As a concrete example, suppose there are two groups in a population: hawks and doves. The hawks are combative and unwilling to give in to other individuals, while the doves are peaceful. Assume that the winner of a fight receives 50 points, the loser receives 0 points, being seriously injured receives -100 points, and wasting time receives -10 points, and that these points are proportional to the survival of the genes. In an all-pigeon population, the winner gets +40 points, the loser gets -10 points, and the average score is +15 points because there are no fights and no time wasted.
Next, if a hawk appears in the population, the hawk will beat all the doves and score +50 points, while the doves will score 0 points because they avoid fighting. In this case, the average score of the population is +25 points. If the population is all hawks, the winner gets +50 points, but the loser is seriously injured and loses -100 points, making the average score -25 points. In the end, the most stable strategy is implemented when the ratio of hawks to doves is 5:7.
Now let’s extend this strategy to an interspecies situation. We can set up two egg-laying strategies for birds: “turbulent” and “non-turbulent”. A turbinator lays its eggs in the nest of another species, while a non-turbinator incubates both its own eggs and the eggs of a turbinator. In this case, you can set a score of +100 points if the eggs of the turbot hatch, +30 points if the eggs of the non-turbot hatch, and -20 points if they fail to hatch.

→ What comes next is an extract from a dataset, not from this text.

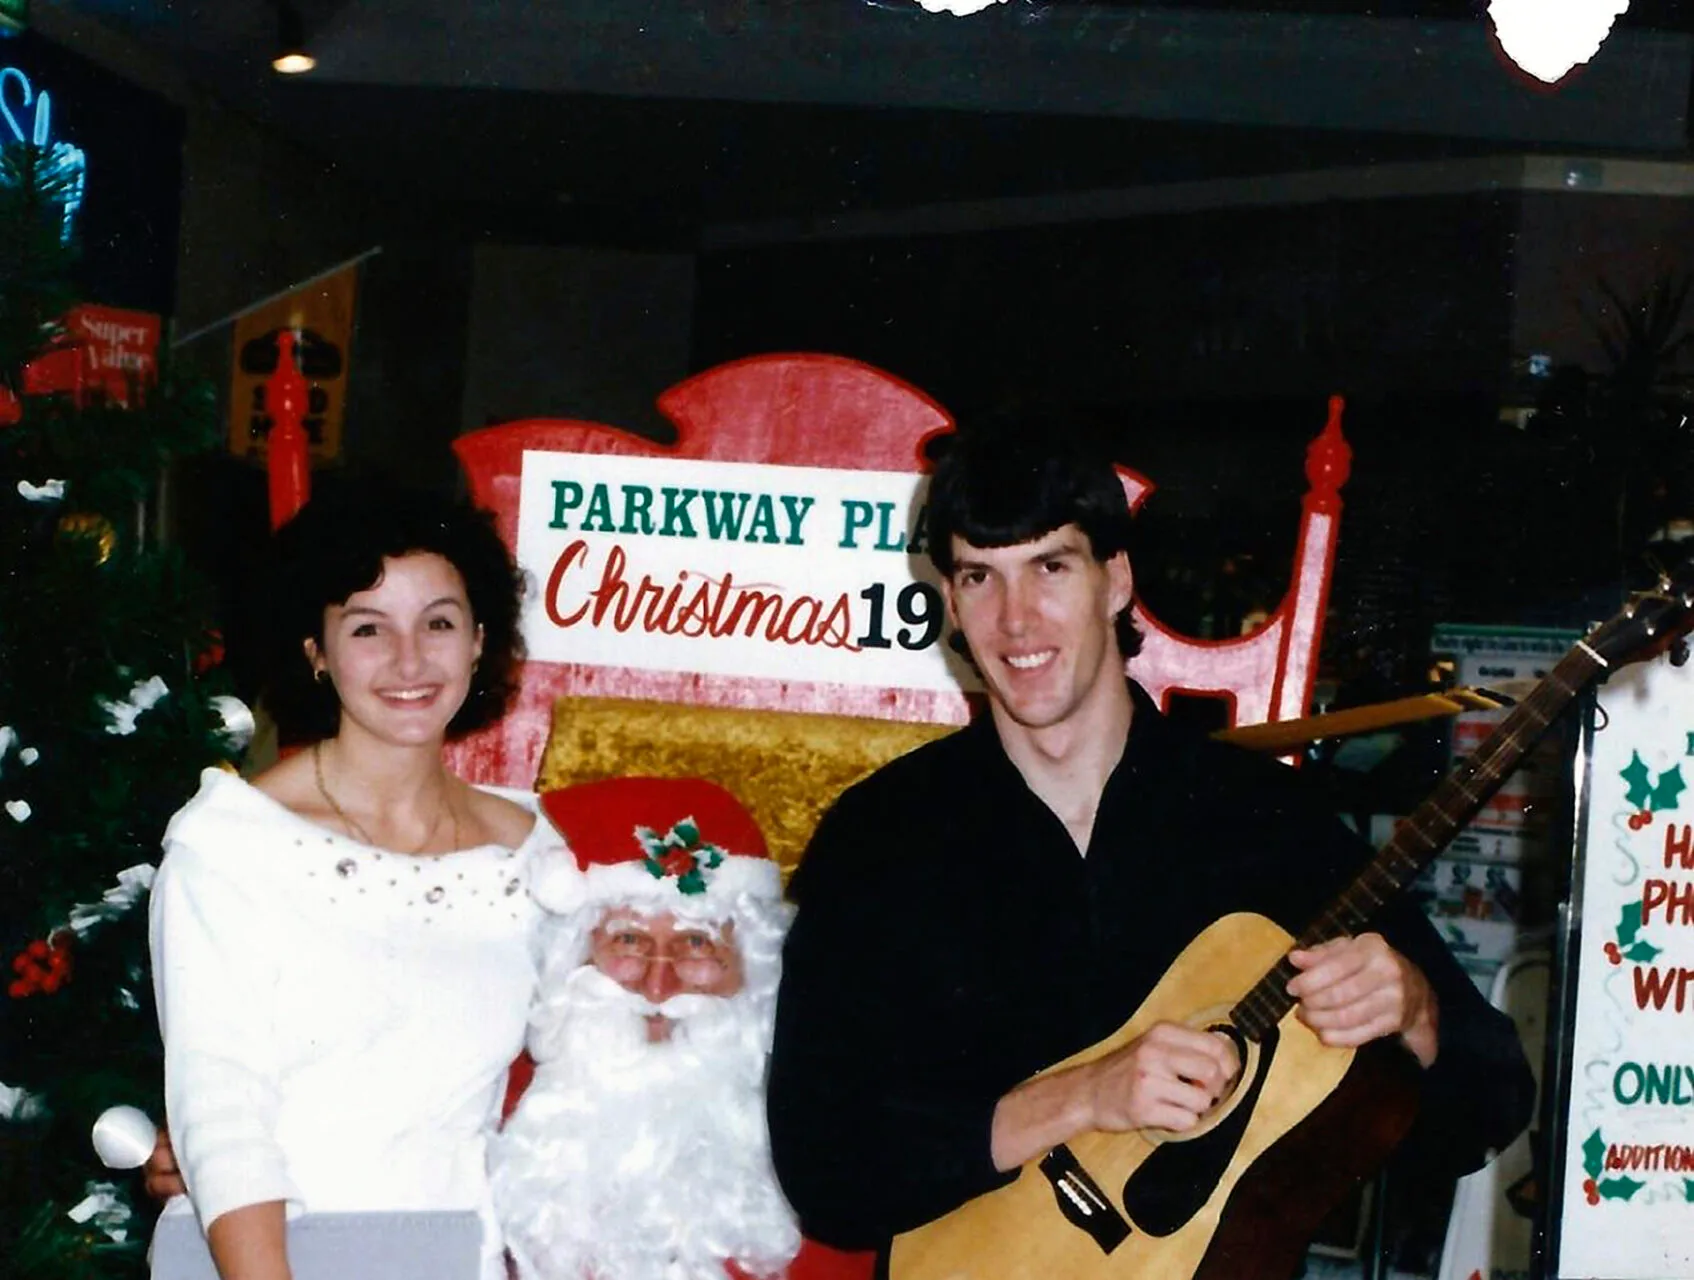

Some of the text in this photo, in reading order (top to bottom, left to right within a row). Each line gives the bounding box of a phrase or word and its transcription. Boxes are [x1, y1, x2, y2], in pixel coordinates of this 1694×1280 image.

In an ecosystem with all non-taxoliths, all taxoliths score 30 points, giving an average score of +30. If a turbulent larva is added to the mix, the turbulent larva gets 100 points and the non-turbulent larva gets 30 points, for an average score of +65. On the other hand, in an ecosystem with all turbellids, egg laying is repeated, resulting in an average score of -20. Therefore, the optimal balance is achieved when the proportion of turbellids and non-turbellids remains constant.
From this, we can conclude that the optimal outcome occurs when there is a constant ratio of turbinates to non-turbinates. The reason why non-taxolans incubate the eggs of other birds can also be seen as a kind of “selfish behavior” for genetic selfishness. Alternatively, it could be that the birds diverged from the same ancestor, resulting in the evolution of differentiated taklans and non-taklans within the species. In this way, the logic of ESS can be applied between species, leading to speciation.